Old ladies literally threatening violence and destruction if Romney ousts Obama: that was obviously intended as humor. Trump’s head blotting out the sun? My god! He’s going to end all life on the planet!
Whenever news outfits attribute a statment to “some social media users,” you know you’re reading a point they themselves wanted to make but needed to dress up in some kind of objectivity—meaning they forced some poor intern to scour social media posts to find what they need.
Some social media users believe that establishment media journalists are malevolent or stupid. Or both.
Mostly both.
I like “tactical autism,” but the tactical use of feigned mental impediments goes well beyond autism.
What’s the DSM diagnosis code for Jon Stewart’s famous “clown nose on, clown nose off” method of operations? Some variant of bipolarity?
“Ha ha ha, lighten up everybody, I’m an entertainer, just going for laughs, don’t take it so seriously! Whoops, hold on, something’s happening. . . Wait! My penetrating and incisive insights are a critical part of Americans’ news intake!”
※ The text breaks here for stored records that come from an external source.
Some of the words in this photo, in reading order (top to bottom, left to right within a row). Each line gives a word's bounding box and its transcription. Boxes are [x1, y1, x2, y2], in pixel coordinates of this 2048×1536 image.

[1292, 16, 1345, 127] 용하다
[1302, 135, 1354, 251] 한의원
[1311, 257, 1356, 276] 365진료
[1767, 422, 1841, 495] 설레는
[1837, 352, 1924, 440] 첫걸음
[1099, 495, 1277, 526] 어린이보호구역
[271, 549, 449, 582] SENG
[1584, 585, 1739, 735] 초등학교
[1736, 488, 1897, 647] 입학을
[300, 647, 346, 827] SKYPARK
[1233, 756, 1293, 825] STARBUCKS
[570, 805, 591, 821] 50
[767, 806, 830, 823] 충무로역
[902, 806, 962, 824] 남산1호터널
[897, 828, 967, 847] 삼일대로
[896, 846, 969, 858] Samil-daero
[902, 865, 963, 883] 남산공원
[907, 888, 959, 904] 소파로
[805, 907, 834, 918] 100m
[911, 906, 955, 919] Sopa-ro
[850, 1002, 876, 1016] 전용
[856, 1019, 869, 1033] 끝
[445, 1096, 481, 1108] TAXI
Is it tactical ADD that lets them notice things on the right they never seem to observe on the left? For example, all presidents—all of them— wrangle with the limits on their power imposed by the Constitution. When it’s a Republican, the establishment media seize up with SCSS (Sudden Constitutional Scholar Syndrome) and express outrage at the president’s dangerous overreach. It’s a Constitutional crisis! When a Democratic president does it, the media either ignore it completely or tie themselves into knots explaining how the president is being stymied by that darned old Constitution and all its dusty, musty old dead-white-man language.
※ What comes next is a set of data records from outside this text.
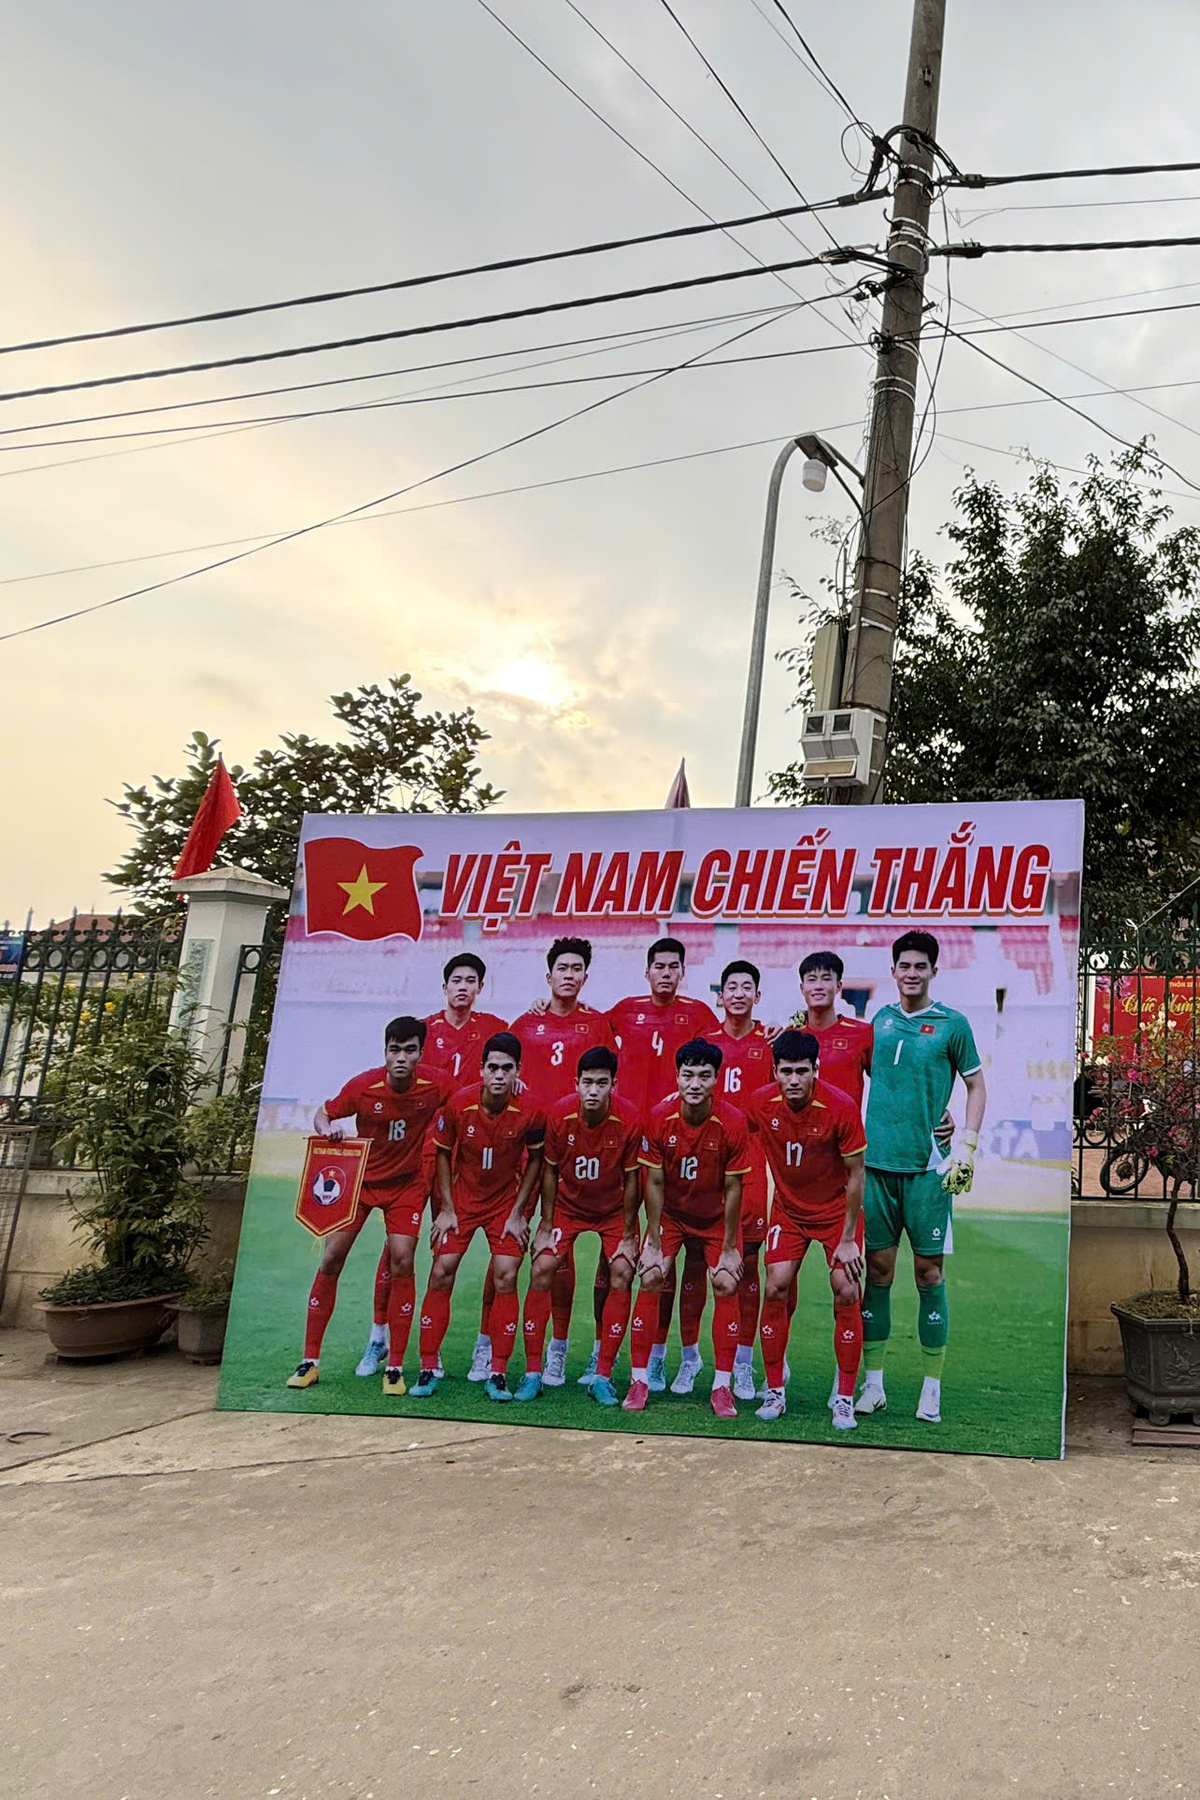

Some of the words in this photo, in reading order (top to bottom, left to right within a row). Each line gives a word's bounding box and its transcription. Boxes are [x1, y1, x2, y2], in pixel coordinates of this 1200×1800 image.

[440, 840, 552, 933] VIỆT
[553, 850, 685, 919] NAM
[690, 828, 858, 919] CHIẾN
[867, 821, 1053, 918] THẮNG
[551, 1042, 565, 1066] 3
[651, 1030, 664, 1056] 4
[723, 1066, 742, 1093] 16
[388, 1120, 406, 1142] 18
[482, 1147, 493, 1170] 11
[785, 1141, 804, 1167] 17
[575, 1156, 600, 1180] 20
[680, 1156, 698, 1181] 12
(Look at today’s coverage of Biden trying to get around his unconstitutional attempt to “forgive” student debt as an example of the latter; look at virtually any coverage of anything Donald Trump did as president for examples of the former.)
That the partisan media play these stupid games is bad enough, but in our brave new world the complicity of Big Tech then ensures that the stupidy gets pushed out as the official reality. (Do a Google search on “Trump eclipse” to see what I mean.)
It’s dishonest and stupid, but does it work? The ghost of Harry Reid reminds us:
Senate Minority Leader Harry Reid has no regrets with falsely accusing Mitt Romney of paying zero taxes for ten years during the 2012 presidential elections.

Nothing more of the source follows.